• Task directions
Repeat the entries exactly but omit the pictures.

• Records to use
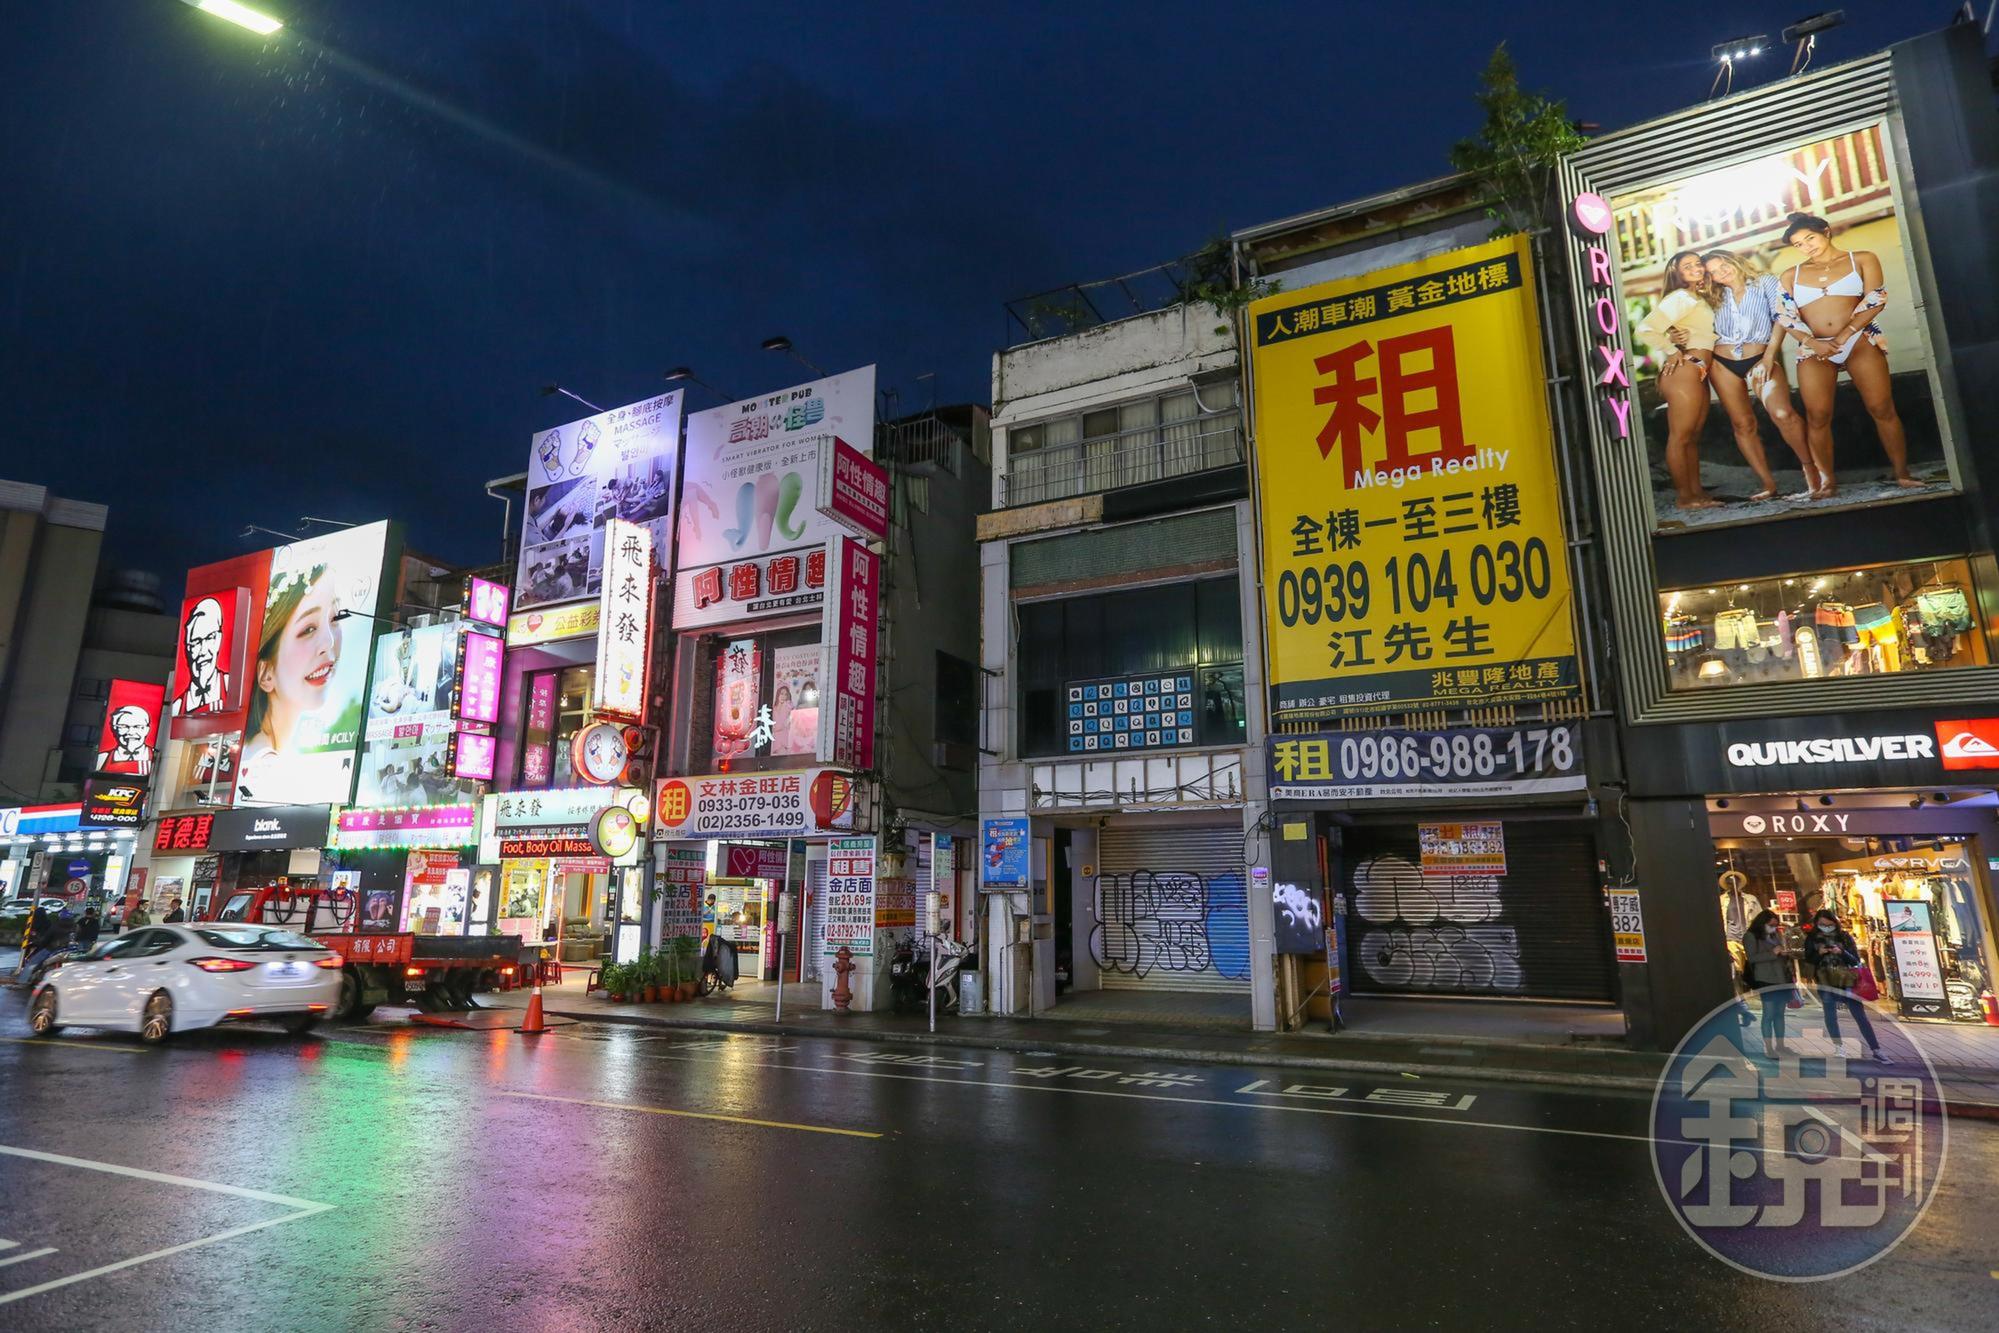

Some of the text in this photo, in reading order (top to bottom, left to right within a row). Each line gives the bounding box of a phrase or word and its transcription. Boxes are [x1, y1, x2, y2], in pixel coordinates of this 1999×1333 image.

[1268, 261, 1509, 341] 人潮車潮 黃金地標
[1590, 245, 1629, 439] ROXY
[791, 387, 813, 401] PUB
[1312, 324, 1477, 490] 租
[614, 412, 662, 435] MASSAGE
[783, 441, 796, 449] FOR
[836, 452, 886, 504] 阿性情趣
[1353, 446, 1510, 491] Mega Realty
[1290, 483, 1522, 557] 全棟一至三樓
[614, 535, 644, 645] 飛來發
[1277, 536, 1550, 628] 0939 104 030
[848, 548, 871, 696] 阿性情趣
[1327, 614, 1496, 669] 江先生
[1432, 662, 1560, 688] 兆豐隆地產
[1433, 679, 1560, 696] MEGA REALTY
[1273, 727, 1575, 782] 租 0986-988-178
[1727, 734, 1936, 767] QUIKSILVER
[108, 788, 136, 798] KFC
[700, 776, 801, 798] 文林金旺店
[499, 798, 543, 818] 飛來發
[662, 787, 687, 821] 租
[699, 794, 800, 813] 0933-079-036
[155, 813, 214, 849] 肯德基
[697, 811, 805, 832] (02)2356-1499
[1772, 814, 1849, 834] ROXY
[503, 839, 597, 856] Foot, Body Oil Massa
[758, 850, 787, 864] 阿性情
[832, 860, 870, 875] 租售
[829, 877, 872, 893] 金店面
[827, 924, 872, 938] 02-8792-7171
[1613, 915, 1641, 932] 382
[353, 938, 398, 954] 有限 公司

• Result of this exercise
Some of the text in this photo, in reading order (top to bottom, left to right within a row). Each line gives the bounding box of a phrase or word and its transcription. Boxes are [x1, y1, x2, y2], in pixel coordinates of this 1999×1333 image.

[1268, 261, 1509, 341] 人潮車潮 黃金地標
[1590, 245, 1629, 439] ROXY
[791, 387, 813, 401] PUB
[1312, 324, 1477, 490] 租
[614, 412, 662, 435] MASSAGE
[783, 441, 796, 449] FOR
[836, 452, 886, 504] 阿性情趣
[1353, 446, 1510, 491] Mega Realty
[1290, 483, 1522, 557] 全棟一至三樓
[614, 535, 644, 645] 飛來發
[1277, 536, 1550, 628] 0939 104 030
[848, 548, 871, 696] 阿性情趣
[1327, 614, 1496, 669] 江先生
[1432, 662, 1560, 688] 兆豐隆地產
[1433, 679, 1560, 696] MEGA REALTY
[1273, 727, 1575, 782] 租 0986-988-178
[1727, 734, 1936, 767] QUIKSILVER
[108, 788, 136, 798] KFC
[700, 776, 801, 798] 文林金旺店
[499, 798, 543, 818] 飛來發
[662, 787, 687, 821] 租
[699, 794, 800, 813] 0933-079-036
[155, 813, 214, 849] 肯德基
[697, 811, 805, 832] (02)2356-1499
[1772, 814, 1849, 834] ROXY
[503, 839, 597, 856] Foot, Body Oil Massa
[758, 850, 787, 864] 阿性情
[832, 860, 870, 875] 租售
[829, 877, 872, 893] 金店面
[827, 924, 872, 938] 02-8792-7171
[1613, 915, 1641, 932] 382
[353, 938, 398, 954] 有限 公司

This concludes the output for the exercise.